After the doctor left, Steven had the caretakers call his lawyer. The lawyer set up a trust, secured his assets for long-term holdings, and got him a room in a private clinic. Three days later, Steven was put on a permanent ventilator. For twenty-odd years, he suffered a machine pumping oxygen into his chest against his will.
Steven’s eyes were like chalky little balls that fit loosely inside their sockets. When he could no longer blink, the nurses would administer eye drops a few times a day. His vision blurred to legal blindness. Communication became long and tedious.
The one thing of Steven Gorski that the Waste didn’t touch was his mind. In all the years, he never suffered mental retardation or clinical brain death. No, all those years, he was totally lucid and sound of mind.
The lawyer visited once a week and billed for every minute. He shielded the majority of Steven’s assets during the divorce. He supervised the sales of Steven’s second and third homes. He played the music and radio shows that Steven enjoyed. Eventually, he contacted Captain Cueball of the Zettafleet.
It was a simple proposition: All of Steven’s assets and worldly possessions in exchange for delivery into the silver swamp.
Delta-V’s assault on the swamp—or God’s Eye, as the radicals called it—was short lived. The scientists on the council theorized that the lunazoe functioned like a nervous system. The silver swamp was like a central brain, and a reduction of moon callings and moon visions seemed to suggest that it was weakened by the attacks. It was a matter of evolution that the lunazoe adopted a decentralized system. Smaller swamps formed at junctions of the biggest lunazoe branches. Their individual sizes paled in comparison to the silver swamp, but their combined area rivaled it. The president wanted to drop nukes in the swamps, but the risk of contamination to the USSN fleet and Earth as a whole was too great. Branches of the lunazoe expanded over 10% faster on a month-by-month basis.

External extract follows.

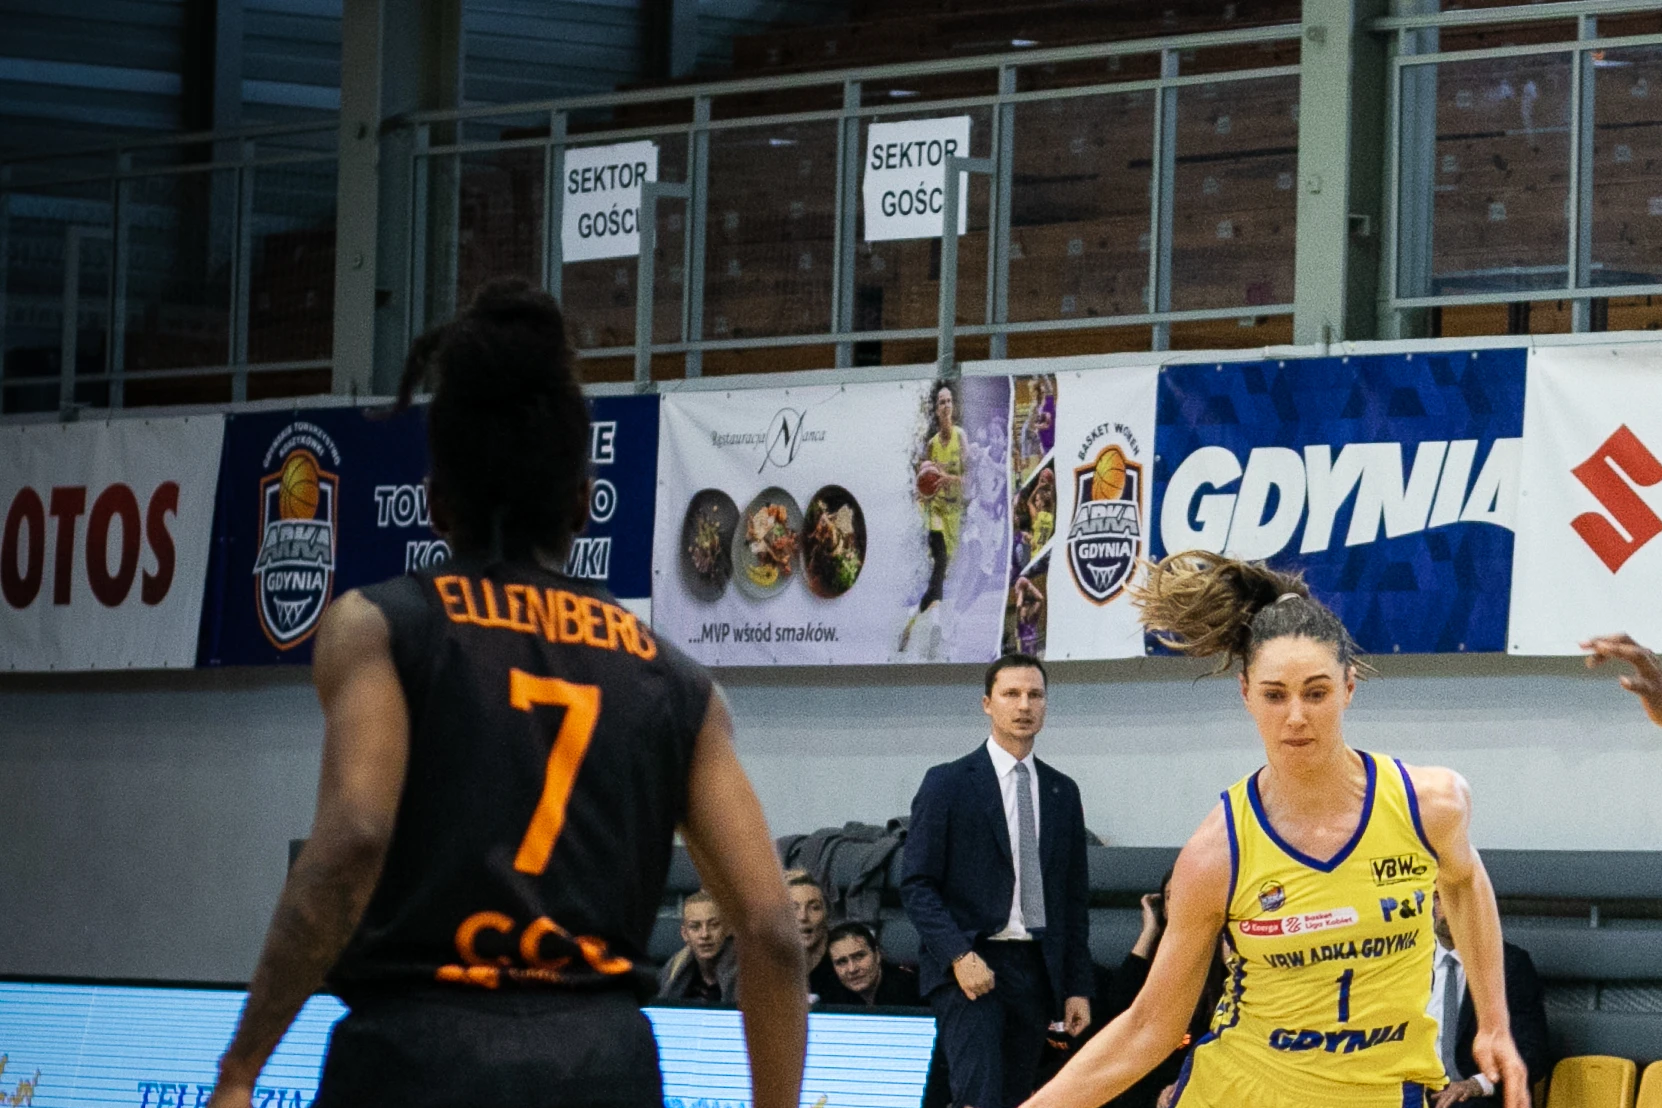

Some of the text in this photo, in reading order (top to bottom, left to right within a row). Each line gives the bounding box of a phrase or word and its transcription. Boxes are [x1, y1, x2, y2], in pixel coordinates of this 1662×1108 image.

With the great exodus finally having waned, the Zettafleet was back in employment again. They helped maintain the quarantine and provided logistical relief to the growing USSN infrastructure. It wasn’t particularly glorious or high-paying compared to previous work, but it was reliable and steady. Granted, most didn’t join mercenary groups for their reliability, but there was seldom objection to the occasional boring job.
It was just after 7:00 RT when the ship Pooltable reported engine issues. Captain Cueball said his engineer was working on it and that he would report back later. For the rest of the day, Pooltable’s course waivered by a few degrees this way and that. The orbit decayed slowly.
At 20:00 RT, Pooltable began a deep descent towards the lunar surface. Seventeen tense minutes passed before it responded to hails.
“This is Captain Cueball of the Pooltable.” There was a snigger as Linus made the joke for the millionth time in his career. “We’re suffering critical system failures. Secondaries are offline. I’m going to put her down on the far side of the moon. Once we’re running again, I’ll comply with whatever quarantine measures the USSN imposes.”
Admiral Vogel authorized a general ceasefire. Pooltable was entering low orbit and he didn’t want an accident. The quarantine experts were already revising protocols. They didn’t think there was reason to believe Pooltable would pick up any contaminates if it landed far enough away from the lunazoe, but an isolation period would be a must.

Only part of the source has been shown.